3. The parallel rotary drive mechanism for the bag-loading robot of the packaging machine as described in claim 1, characterized in that: The parallel four-bar assembly includes a third link and a fourth link. The third link and the fourth link are arranged in parallel vertically, and the two ends of the third link and the fourth link are respectively rotatably connected to the four-bar swing frame and the base.

4. The parallel rotary drive mechanism for the bag-loading robot of the packaging machine as described in claim 1, characterized in that: The four-bar pendulum frame is a cross-shaped pendulum frame.

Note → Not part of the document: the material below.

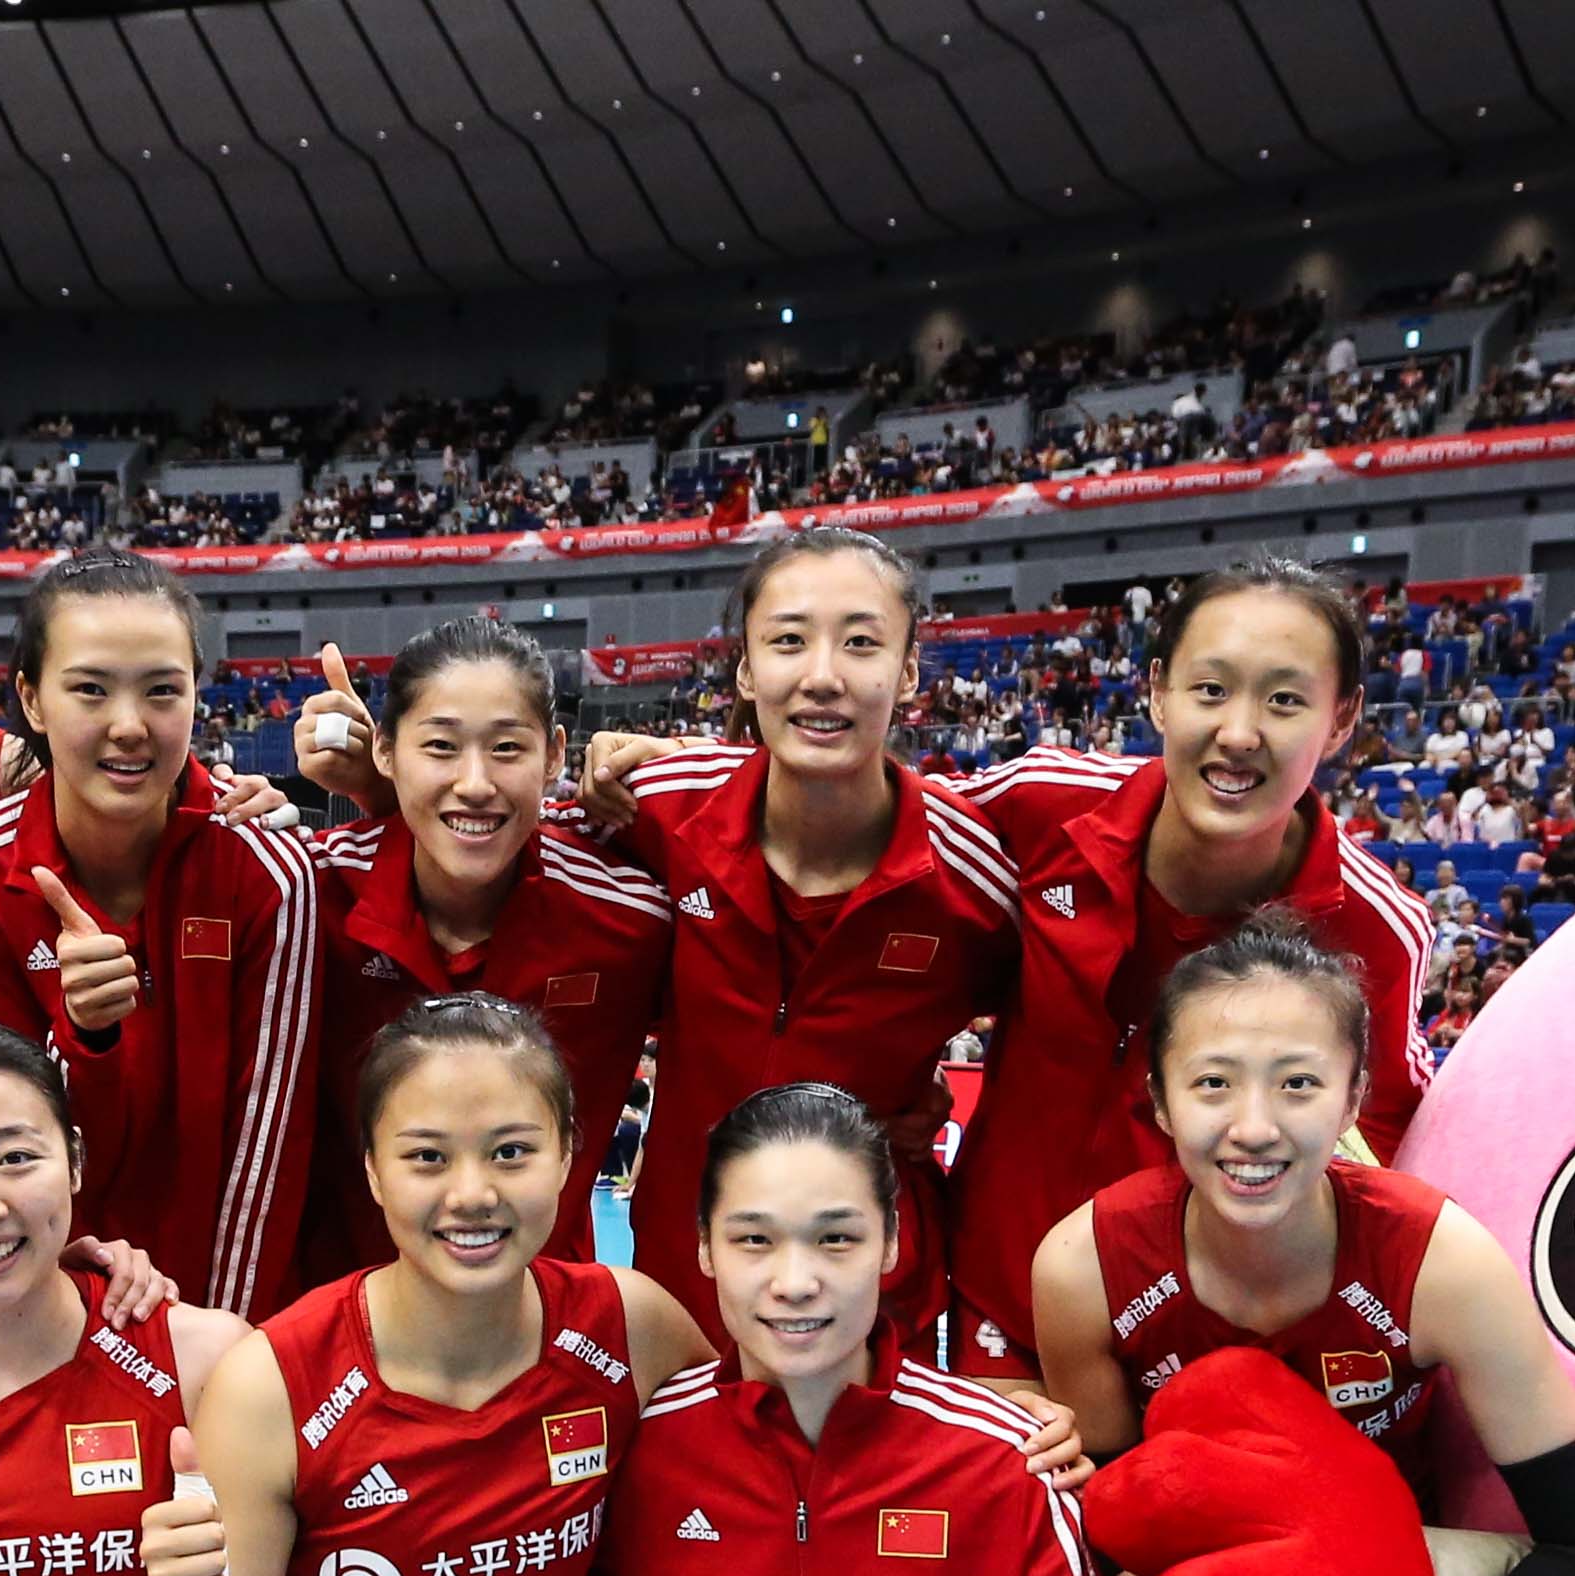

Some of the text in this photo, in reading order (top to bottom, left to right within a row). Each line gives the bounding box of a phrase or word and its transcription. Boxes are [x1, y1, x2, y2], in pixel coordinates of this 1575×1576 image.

The left and right ends of the cross-shaped pendulum frame are connected to the first parallel four-bar assembly, and the upper and lower ends of the cross-shaped pendulum frame are connected to the second parallel four-bar assembly.

5. The parallel rotary drive mechanism for the bag-loading robot of a packaging machine as described in claim 1, characterized in that: The power mechanism includes a motor, the output end of which is connected to a speed reducer, and the output end of the speed reducer is connected to the rotating shaft.

6. The parallel rotary drive mechanism for the bag-loading robot of a packaging machine as described in claim 1, characterized in that: The rotary platform includes an installation platform with the connecting plane at the top, a lower support at the bottom of the installation platform near the rotating arm, a support connecting lug on the lower support, and a swing arm shaft rotatably connected to the support connecting lug at the end of the rotating arm.